What the task asks -
Return every record below exactly; leave out the images.

Task inputs -
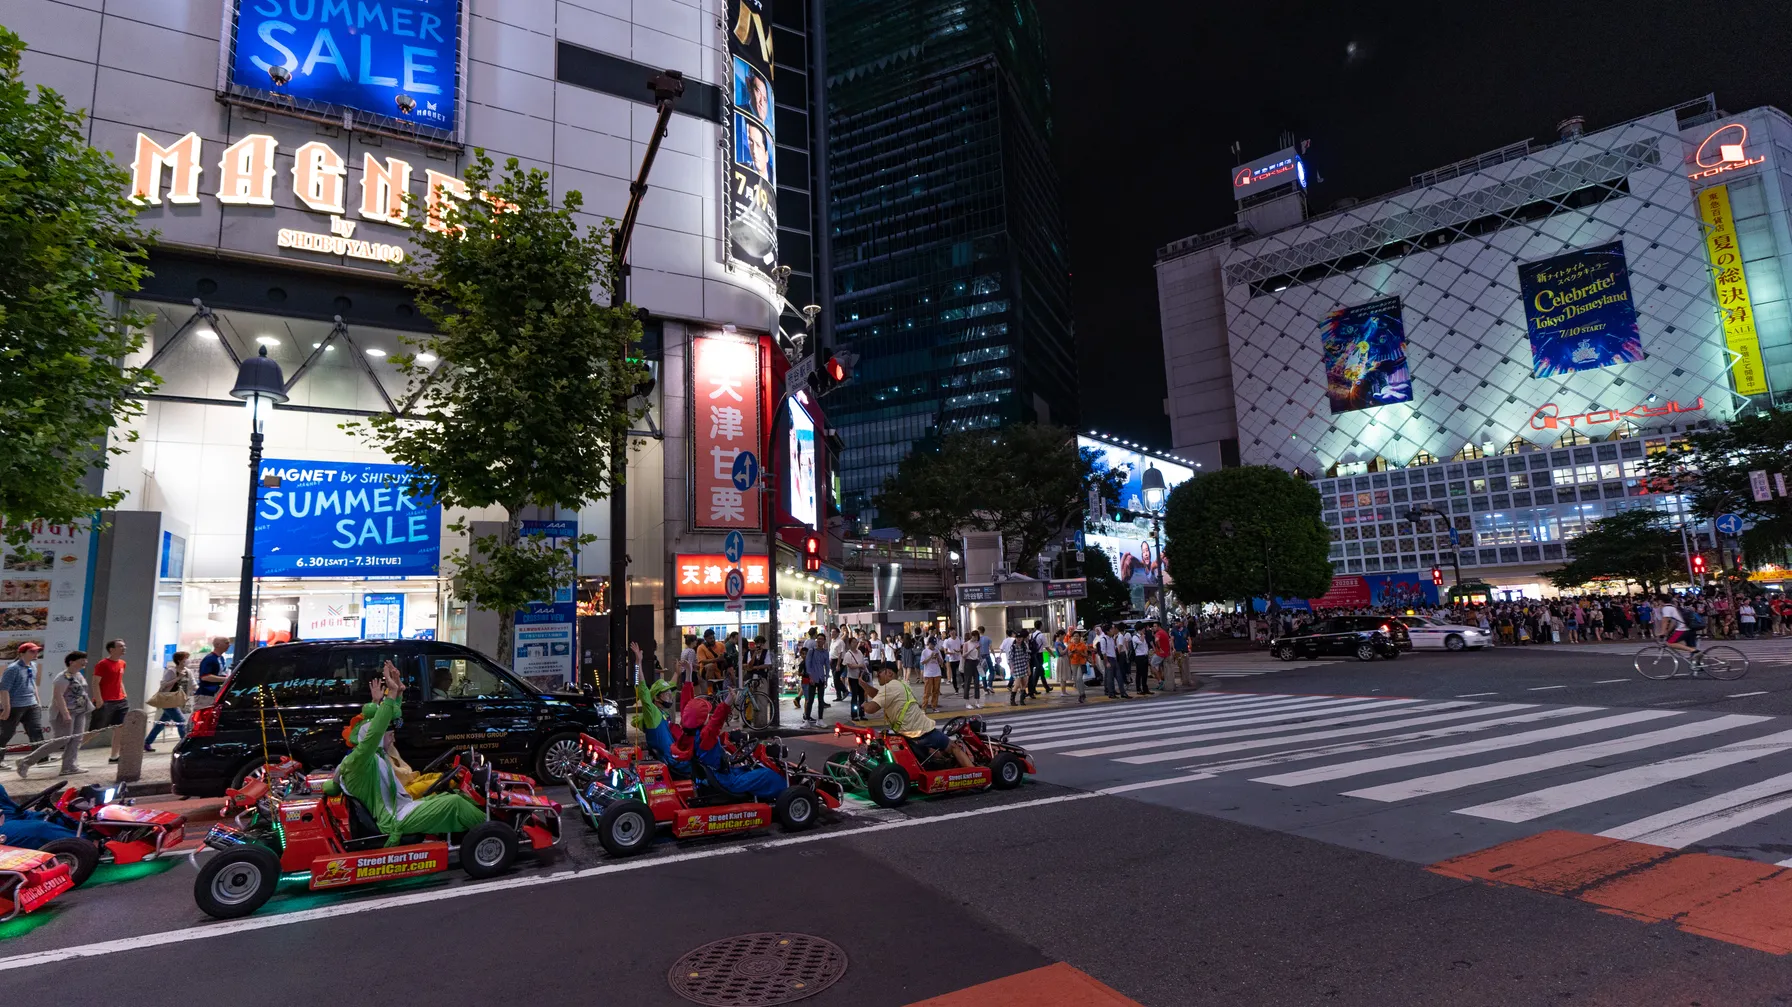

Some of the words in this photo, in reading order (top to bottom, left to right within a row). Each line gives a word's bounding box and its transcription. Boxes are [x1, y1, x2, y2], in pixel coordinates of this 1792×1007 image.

[253, 0, 444, 43] SUMMER
[249, 19, 444, 95] SALE
[416, 109, 446, 122] MAGNET
[1250, 163, 1295, 182] TOKYU
[1687, 154, 1766, 180] TOKYU
[129, 131, 521, 242] MAGNE
[330, 214, 356, 238] by
[1708, 192, 1725, 232] 東急百貨店
[276, 228, 404, 264] SHIBUYA109
[1534, 272, 1616, 313] Celebrate!
[1712, 234, 1748, 325] 夏の総決算
[1532, 314, 1565, 329] Tokyo
[1563, 290, 1628, 319] Disneyland
[1559, 327, 1580, 338] 7/10
[1581, 323, 1606, 334] START!
[1558, 396, 1704, 427] TOKYU
[709, 375, 745, 522] 天津甘栗
[260, 467, 338, 482] MAGNET
[340, 470, 357, 483] by
[260, 486, 417, 520] SUMMER
[332, 515, 429, 549] SALE
[681, 565, 765, 585] 天津栗
[708, 814, 729, 822] Street
[356, 859, 437, 878] MariCar.com
[357, 857, 386, 867] Street
[387, 854, 407, 864] Kart
[408, 852, 429, 861] Tour

Task response -
Some of the words in this photo, in reading order (top to bottom, left to right within a row). Each line gives a word's bounding box and its transcription. Boxes are [x1, y1, x2, y2], in pixel coordinates of this 1792×1007 image.

[253, 0, 444, 43] SUMMER
[249, 19, 444, 95] SALE
[416, 109, 446, 122] MAGNET
[1250, 163, 1295, 182] TOKYU
[1687, 154, 1766, 180] TOKYU
[129, 131, 521, 242] MAGNE
[330, 214, 356, 238] by
[1708, 192, 1725, 232] 東急百貨店
[276, 228, 404, 264] SHIBUYA109
[1534, 272, 1616, 313] Celebrate!
[1712, 234, 1748, 325] 夏の総決算
[1532, 314, 1565, 329] Tokyo
[1563, 290, 1628, 319] Disneyland
[1559, 327, 1580, 338] 7/10
[1581, 323, 1606, 334] START!
[1558, 396, 1704, 427] TOKYU
[709, 375, 745, 522] 天津甘栗
[260, 467, 338, 482] MAGNET
[340, 470, 357, 483] by
[260, 486, 417, 520] SUMMER
[332, 515, 429, 549] SALE
[681, 565, 765, 585] 天津栗
[708, 814, 729, 822] Street
[356, 859, 437, 878] MariCar.com
[357, 857, 386, 867] Street
[387, 854, 407, 864] Kart
[408, 852, 429, 861] Tour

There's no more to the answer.